[Dataset entries]
# # # #

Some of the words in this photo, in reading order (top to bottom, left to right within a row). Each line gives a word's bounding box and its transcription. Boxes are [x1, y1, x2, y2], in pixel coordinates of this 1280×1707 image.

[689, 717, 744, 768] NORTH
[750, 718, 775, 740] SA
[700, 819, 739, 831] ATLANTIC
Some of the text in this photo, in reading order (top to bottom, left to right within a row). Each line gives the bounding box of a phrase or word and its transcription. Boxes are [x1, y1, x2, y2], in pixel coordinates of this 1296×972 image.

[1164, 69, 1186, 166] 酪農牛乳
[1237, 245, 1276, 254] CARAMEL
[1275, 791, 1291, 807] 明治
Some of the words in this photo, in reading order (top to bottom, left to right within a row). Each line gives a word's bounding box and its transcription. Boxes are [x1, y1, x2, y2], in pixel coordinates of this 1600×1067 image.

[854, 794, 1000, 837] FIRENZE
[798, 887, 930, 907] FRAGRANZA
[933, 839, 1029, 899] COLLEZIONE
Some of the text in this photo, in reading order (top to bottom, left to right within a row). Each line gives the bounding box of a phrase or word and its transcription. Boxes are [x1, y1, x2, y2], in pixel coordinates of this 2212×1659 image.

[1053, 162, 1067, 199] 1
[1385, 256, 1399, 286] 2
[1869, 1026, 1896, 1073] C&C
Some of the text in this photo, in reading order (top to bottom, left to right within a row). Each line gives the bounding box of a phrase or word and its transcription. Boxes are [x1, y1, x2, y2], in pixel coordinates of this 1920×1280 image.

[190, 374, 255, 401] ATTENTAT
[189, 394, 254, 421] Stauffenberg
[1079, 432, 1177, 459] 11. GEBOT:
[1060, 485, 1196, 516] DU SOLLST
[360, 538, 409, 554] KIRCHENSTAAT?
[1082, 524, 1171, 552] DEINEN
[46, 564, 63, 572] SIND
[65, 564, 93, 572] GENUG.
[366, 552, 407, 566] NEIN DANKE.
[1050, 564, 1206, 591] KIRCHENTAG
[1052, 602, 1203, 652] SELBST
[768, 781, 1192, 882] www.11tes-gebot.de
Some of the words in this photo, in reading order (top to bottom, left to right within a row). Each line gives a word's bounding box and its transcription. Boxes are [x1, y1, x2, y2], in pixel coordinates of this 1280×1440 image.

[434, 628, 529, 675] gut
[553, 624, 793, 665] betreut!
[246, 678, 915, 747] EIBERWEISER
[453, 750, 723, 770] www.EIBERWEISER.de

# # # #

Go through the data and copy each line exactly as it reads.

Some of the words in this photo, in reading order (top to bottom, left to right within a row). Each line gives a word's bounding box and its transcription. Boxes are [x1, y1, x2, y2], in pixel coordinates of this 1280×1707 image.

[689, 717, 744, 768] NORTH
[750, 718, 775, 740] SA
[700, 819, 739, 831] ATLANTIC
Some of the text in this photo, in reading order (top to bottom, left to right within a row). Each line gives the bounding box of a phrase or word and its transcription. Boxes are [x1, y1, x2, y2], in pixel coordinates of this 1296×972 image.

[1164, 69, 1186, 166] 酪農牛乳
[1237, 245, 1276, 254] CARAMEL
[1275, 791, 1291, 807] 明治
Some of the words in this photo, in reading order (top to bottom, left to right within a row). Each line gives a word's bounding box and its transcription. Boxes are [x1, y1, x2, y2], in pixel coordinates of this 1600×1067 image.

[854, 794, 1000, 837] FIRENZE
[798, 887, 930, 907] FRAGRANZA
[933, 839, 1029, 899] COLLEZIONE
Some of the text in this photo, in reading order (top to bottom, left to right within a row). Each line gives the bounding box of a phrase or word and its transcription. Boxes are [x1, y1, x2, y2], in pixel coordinates of this 2212×1659 image.

[1053, 162, 1067, 199] 1
[1385, 256, 1399, 286] 2
[1869, 1026, 1896, 1073] C&C
Some of the text in this photo, in reading order (top to bottom, left to right within a row). Each line gives the bounding box of a phrase or word and its transcription. Boxes are [x1, y1, x2, y2], in pixel coordinates of this 1920×1280 image.

[190, 374, 255, 401] ATTENTAT
[189, 394, 254, 421] Stauffenberg
[1079, 432, 1177, 459] 11. GEBOT:
[1060, 485, 1196, 516] DU SOLLST
[360, 538, 409, 554] KIRCHENSTAAT?
[1082, 524, 1171, 552] DEINEN
[46, 564, 63, 572] SIND
[65, 564, 93, 572] GENUG.
[366, 552, 407, 566] NEIN DANKE.
[1050, 564, 1206, 591] KIRCHENTAG
[1052, 602, 1203, 652] SELBST
[768, 781, 1192, 882] www.11tes-gebot.de
Some of the words in this photo, in reading order (top to bottom, left to right within a row). Each line gives a word's bounding box and its transcription. Boxes are [x1, y1, x2, y2], in pixel coordinates of this 1280×1440 image.

[434, 628, 529, 675] gut
[553, 624, 793, 665] betreut!
[246, 678, 915, 747] EIBERWEISER
[453, 750, 723, 770] www.EIBERWEISER.de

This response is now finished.